Duty and service has always been a public calling for the royal family. And despite stepping back as senior Royals in March, the Sussexes remain committed to using their voice to make a profound difference. They chatted with Malala Yousafzai on International Day of the Girl, highlighting an issue close to Meghan’s heart: education for all regardless of gender and privilege. The Duchess has also spoken out about racial injustice in the wake of George Floyd’s death and the call for greater racial equality. Just weeks ago, Harry and Meghan encouraged young people to register to vote and participate in the election.
Yet the Duchess faced criticism in the U.K. for those actions, with some calling her comments “political,” when they were no different than the sentiments expressed by numerous public figures, politicians, philanthropists, and humanitarians across both sides of the political spectrum in the United States.
A source close to the Duchess says the constant attacks have been difficult. “She thought she was saying something relatively uncontroversial, which is people should get involved and vote. Then, it gets spun into a whole other thing. There are people, especially in the tabloids, that will use whatever they can to go after this couple. There is no doubt there is an agenda.
“The Duke and Duchess believe in civic action, civic duty, social responsibility, and an element of that is participating in the democratic process, so all they have said is that they encourage people to get involved,” the source continued. “What they’re trying to do with the foundation is link a lot of the issues they believe in and find the connective tissue in all of it and actually find potential solutions.
“It is worrying and frustrating things get distorted so easily and readily on a regular basis. She [Meghan] now feels, [and] admits, as she said the other day, she has to be constantly careful about what she says and stick to what she thinks will not be controversial. Even telling people to get involved in the democratic process should not be a controversial subject.”
What’s not controversial is everything the couple has done. Everything that drives them is for their son Archie, including making the very difficult decision to step back from their royal roles so they could have a bit more privacy.
As Meghan told TIME Editor-in-Chief Edward Felsenthal this week, “We are just trying to embrace all of the quality time we get with our son right now, and to not miss a single moment of his growth and development, which has been really special.”
“In so many ways we are fortunate to be able to have this time to watch him grow, and in the absence of COVID, we would be traveling and working more,” Meghan reflected. “We’d miss a lot of those moments.”

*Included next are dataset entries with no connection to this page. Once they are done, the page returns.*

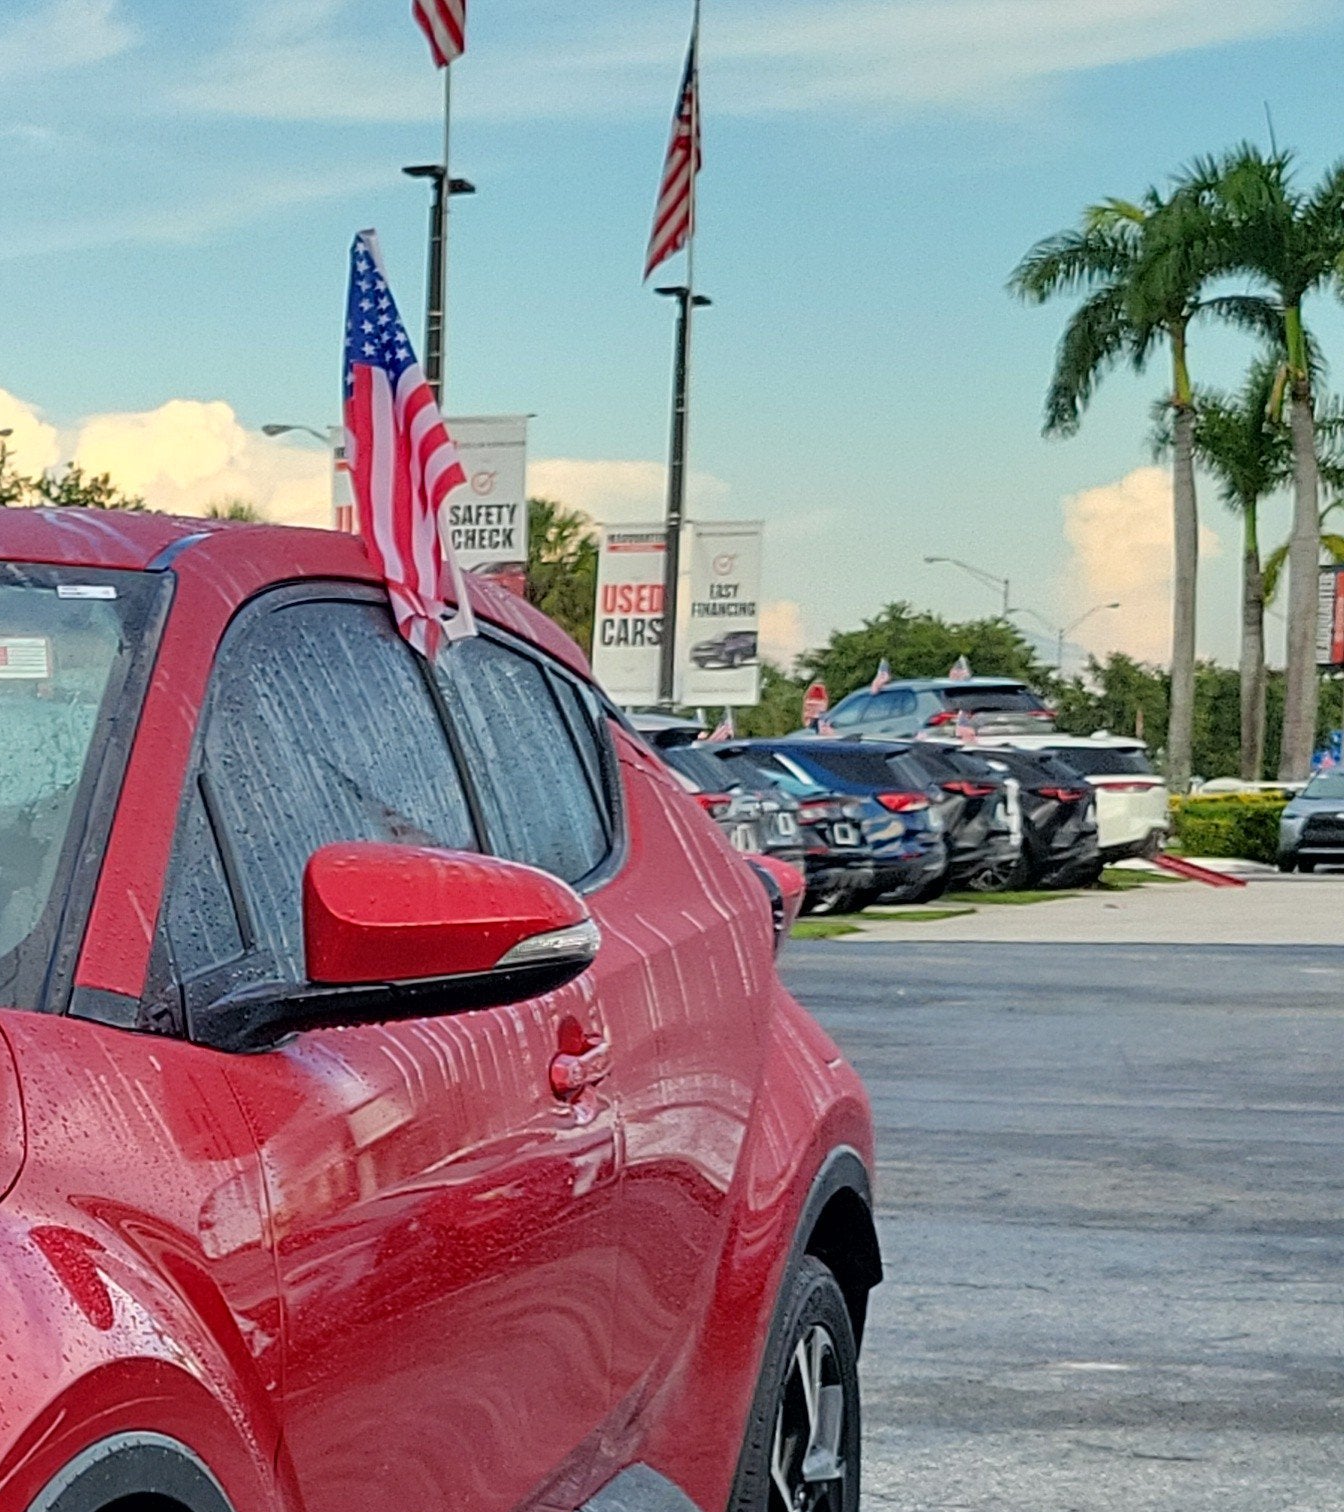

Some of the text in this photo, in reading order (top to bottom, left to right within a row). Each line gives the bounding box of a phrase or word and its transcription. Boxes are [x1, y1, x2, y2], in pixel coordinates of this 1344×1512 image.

[449, 503, 517, 526] SAFETY
[451, 528, 515, 550] CHECK
[603, 584, 666, 615] USED
[601, 618, 665, 647] CARS
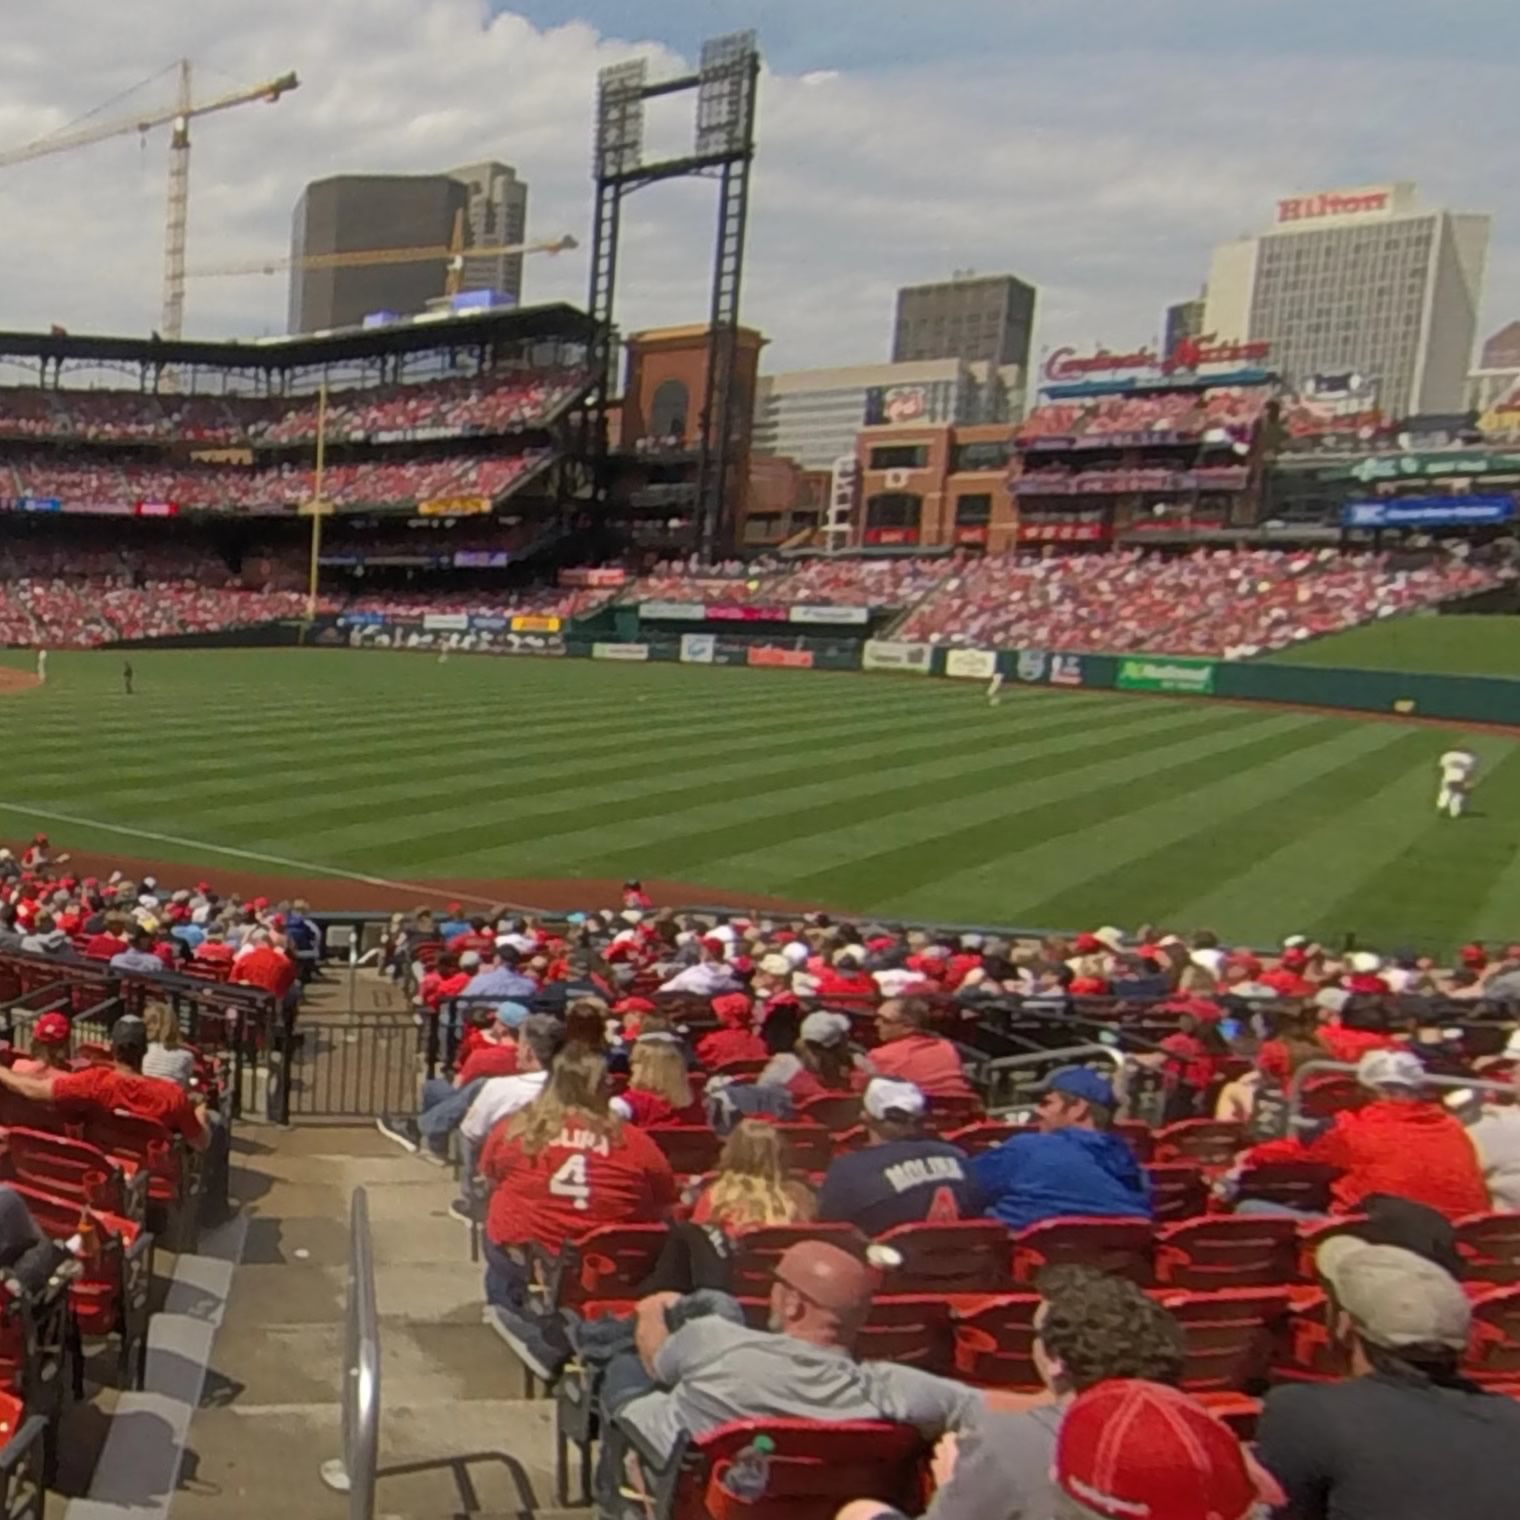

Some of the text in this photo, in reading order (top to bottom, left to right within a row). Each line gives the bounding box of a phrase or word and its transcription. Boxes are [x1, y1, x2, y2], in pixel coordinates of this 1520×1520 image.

[1277, 193, 1387, 222] Hilton
[548, 1127, 609, 1157] LINA
[549, 1153, 590, 1211] 4
[884, 1156, 964, 1193] MOLINA
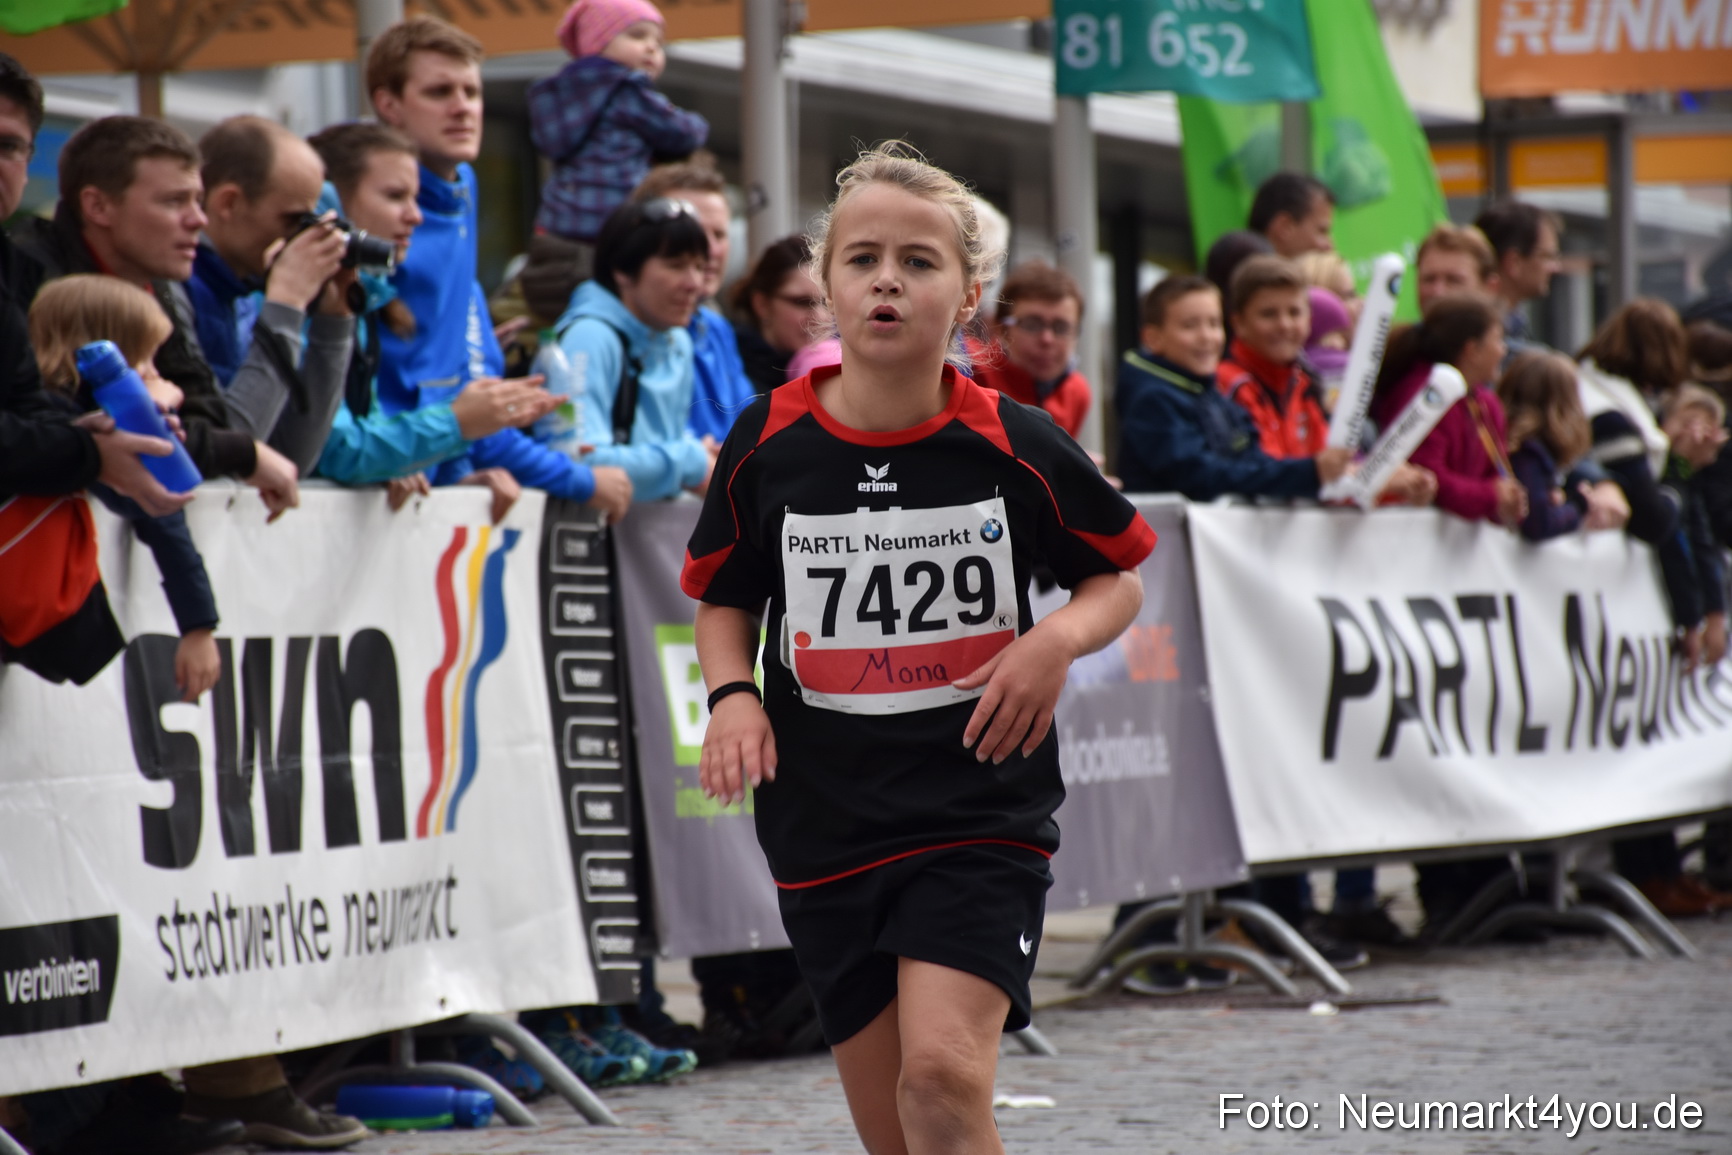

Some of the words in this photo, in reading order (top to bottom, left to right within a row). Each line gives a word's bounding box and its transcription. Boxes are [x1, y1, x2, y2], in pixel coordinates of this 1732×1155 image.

[1061, 13, 1122, 70] 81
[1148, 10, 1254, 77] 652
[857, 480, 898, 492] erima
[788, 535, 859, 554] PARTL
[865, 529, 972, 551] Neumarkt
[806, 555, 997, 638] 7429
[998, 615, 1007, 627] K
[851, 648, 949, 692] Mona
[1317, 593, 1549, 762] PARTL
[123, 627, 408, 870] swn
[156, 883, 331, 982] stadtwerke
[4, 956, 101, 1004] verbinden

In early January, the couple will need to potentially return to London for Meghan’s case against the Mail on Sunday and Associated Newspapers for breach of privacy. Until then, they are trying to make a difference and create special family moments, a source close to the couple tells ELLE.com. “They are at the point where they’ve got their own home, and they are settling into their new life and their work, focused on Archie’s growing up, and this is a very special time for them.”